INFO:nncf:NNCF initialized successfully. Supported frameworks detected: torch, onnx, openvino


Intel(R) Extension for Scikit-learn* enabled (https://github.com/intel/scikit-learn-intelex)


#### Model and Tokenizer Loading

In this cell, we load the model and tokenizer:
- `model_id` is set to "helenai/gpt2-ov", a GPT-2 model optimized using OpenVINO.
- `OVModelForCausalLM.from_pretrained` is used to load the optimized model, ensuring that it's ready for efficient inference.
- `AutoTokenizer.from_pretrained` prepares the tokenizer corresponding to our model, crucial for processing input text.m

In [3]:
model_id = "helenai/gpt2-ov"
model = OVModelForCausalLM.from_pretrained(model_id)
tokenizer = AutoTokenizer.from_pretrained(model_id)

Provided model does not contain state.
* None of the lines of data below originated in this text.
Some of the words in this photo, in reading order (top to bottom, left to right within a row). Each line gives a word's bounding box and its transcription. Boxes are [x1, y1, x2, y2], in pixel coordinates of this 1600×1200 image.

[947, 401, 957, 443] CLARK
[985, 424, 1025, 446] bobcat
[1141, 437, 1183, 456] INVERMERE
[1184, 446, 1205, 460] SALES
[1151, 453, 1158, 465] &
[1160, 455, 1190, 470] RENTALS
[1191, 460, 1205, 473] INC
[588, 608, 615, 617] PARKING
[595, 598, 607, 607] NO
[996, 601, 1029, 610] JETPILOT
It may lead to sub-optimal performance.Please reexport model with updated OpenVINO version >= 2023.3.0 calling the `from_pretrained` method with original model and `export=True` parameter
Compiling the model to CPU ...


#### Setting Up the Inference Pipeline

We set up a pipeline for text generation:
- `pipeline("text-generation")` is initialized with our OpenVINO-optimized model and tokenizer, creating an efficient text generation pipeline.


In [4]:
pipe = pipeline("text-generation", model=model, tokenizer=tokenizer)

device must be of type <class 'str'> but got <class 'torch.device'> instead


#### Generating Text with the Optimized Model

In this final cell, we use our pipeline to generate text:
- The pipeline is fed with a prompt ("In the sprint, beautiful flowers bloom..."), and we observe the model's output, showcasing the efficiency and performance of our OpenVINO-optimized model in generating text.

In [5]:
pipe("In the spring, beautiful flowers bloom...")
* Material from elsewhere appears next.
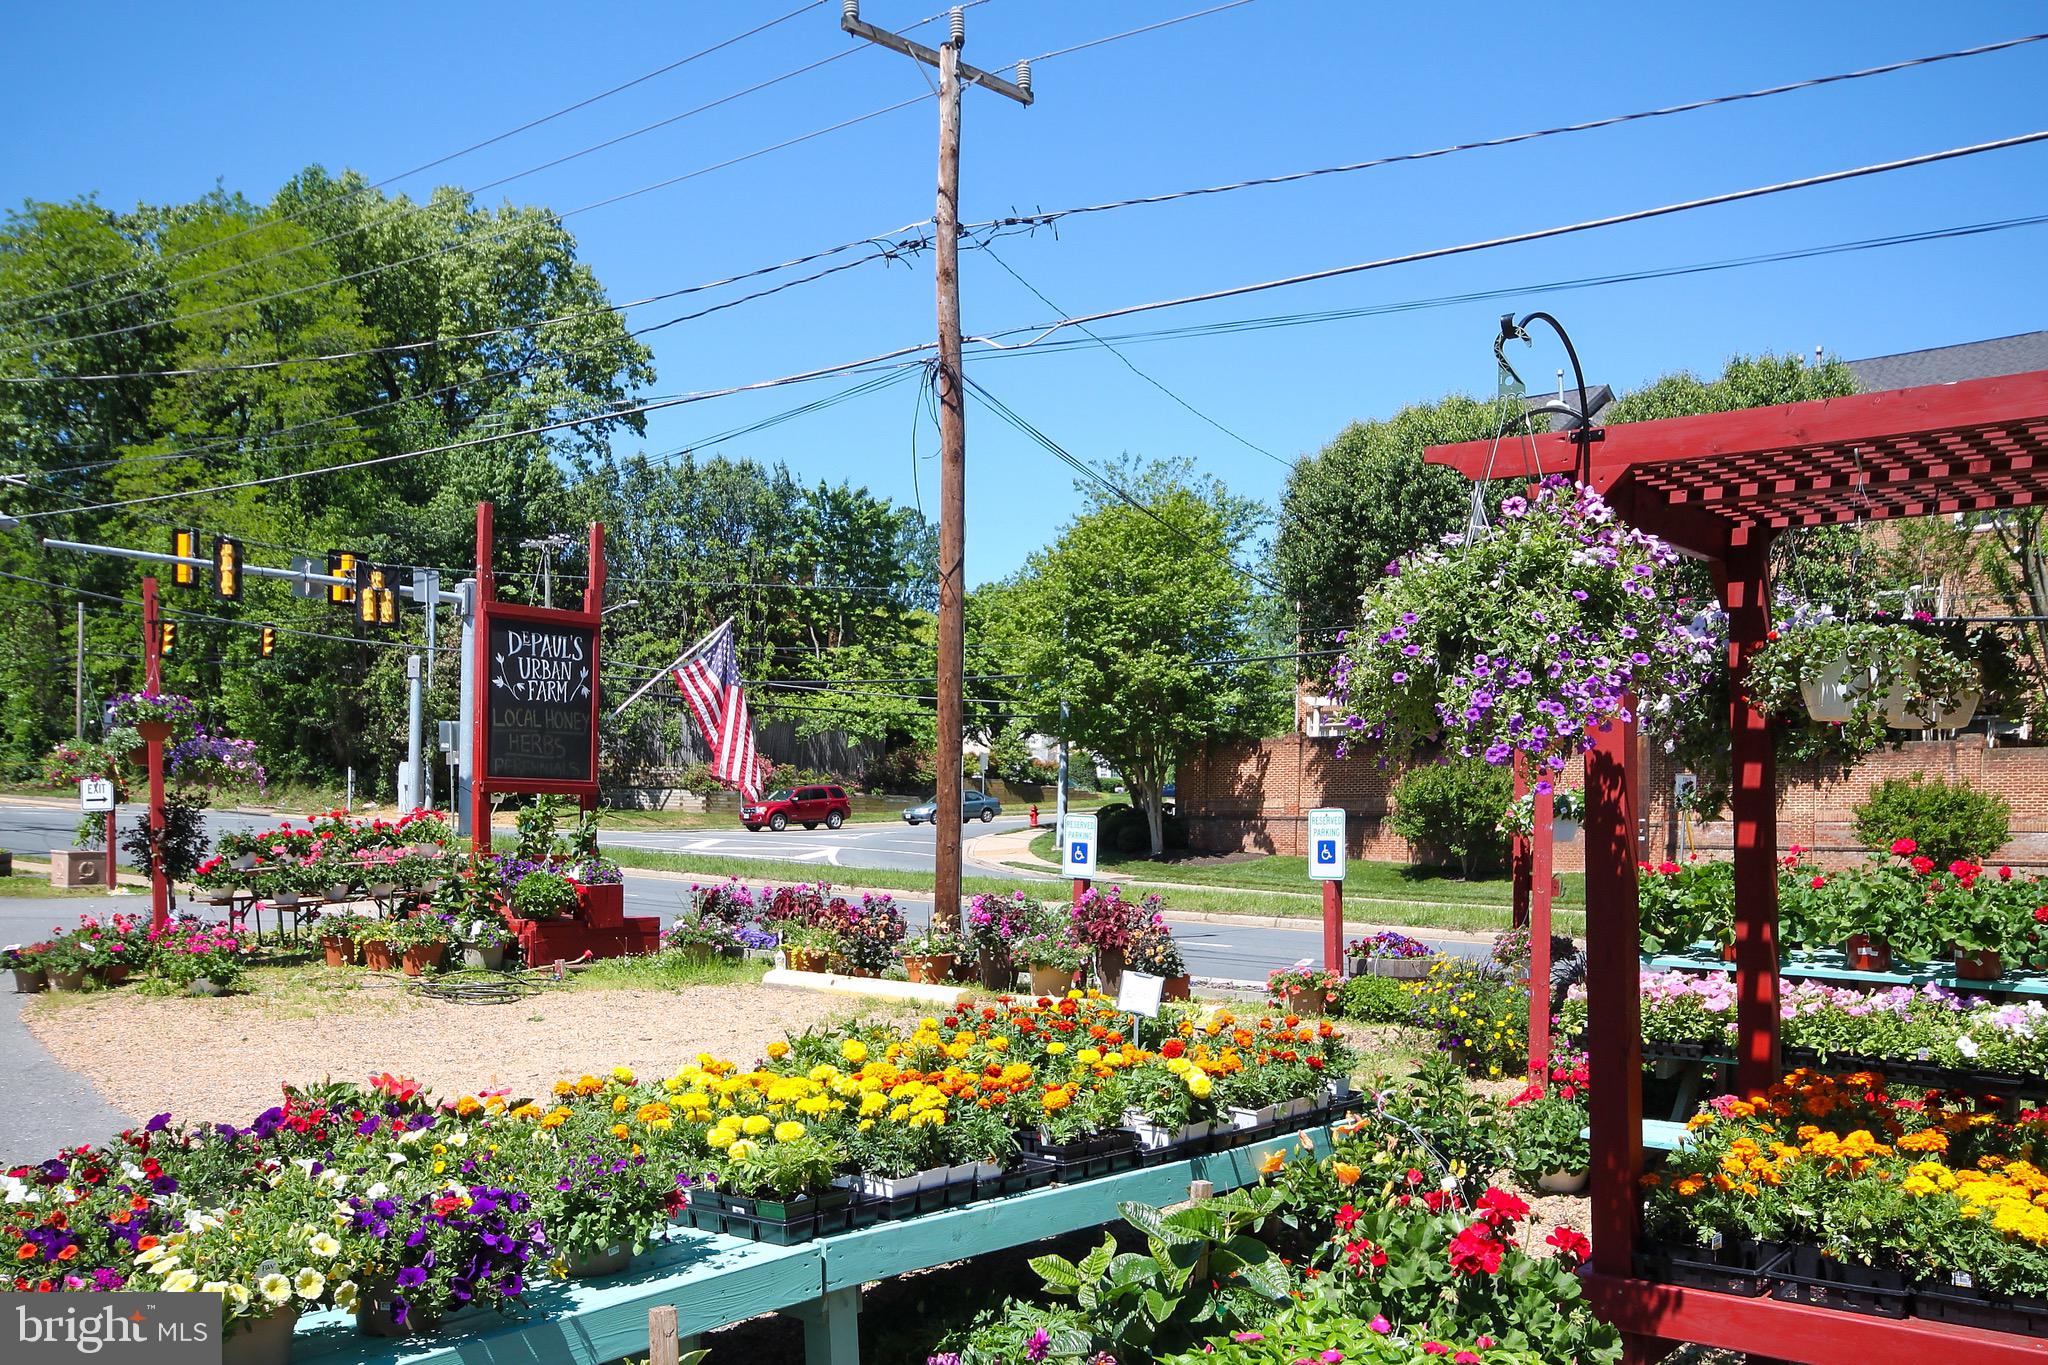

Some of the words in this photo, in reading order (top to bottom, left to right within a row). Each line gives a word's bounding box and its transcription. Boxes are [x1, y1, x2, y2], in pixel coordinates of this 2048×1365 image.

Setting `pad_token_id` to `eos_token_id`:50256 for open-end generation.


[{'generated_text': 'In the spring, beautiful flowers bloom...\n\nDingdong, Zhejiang, China, USA\n\nMay 7th - 18th (in a little over a week) - A mysterious bird or two roosted over a field'}]

# Conclusion and Discussion

### Conclusion

Throughout this workshop, we've explored the potent combination of Hugging Face's Transformers with Intel's OpenVINO toolkit through Optimum Intel. This integration not only enhances the efficiency of model inference on edge devices but also simplifies the deployment process on Intel hardware.

### Discussion

The skills acquired in this session are invaluable for developers looking to deploy AI models in edge computing environments. Understanding how to apply OpenVINO optimizations to Hugging Face models empowers developers to create more efficient, faster-performing applications, crucial in the fast-evolving landscape of AI and ML.

As we continue to innovate in AI deployment, the knowledge of optimizing models for edge devices will remain a key asset in the toolkit of AI practitioners and developers.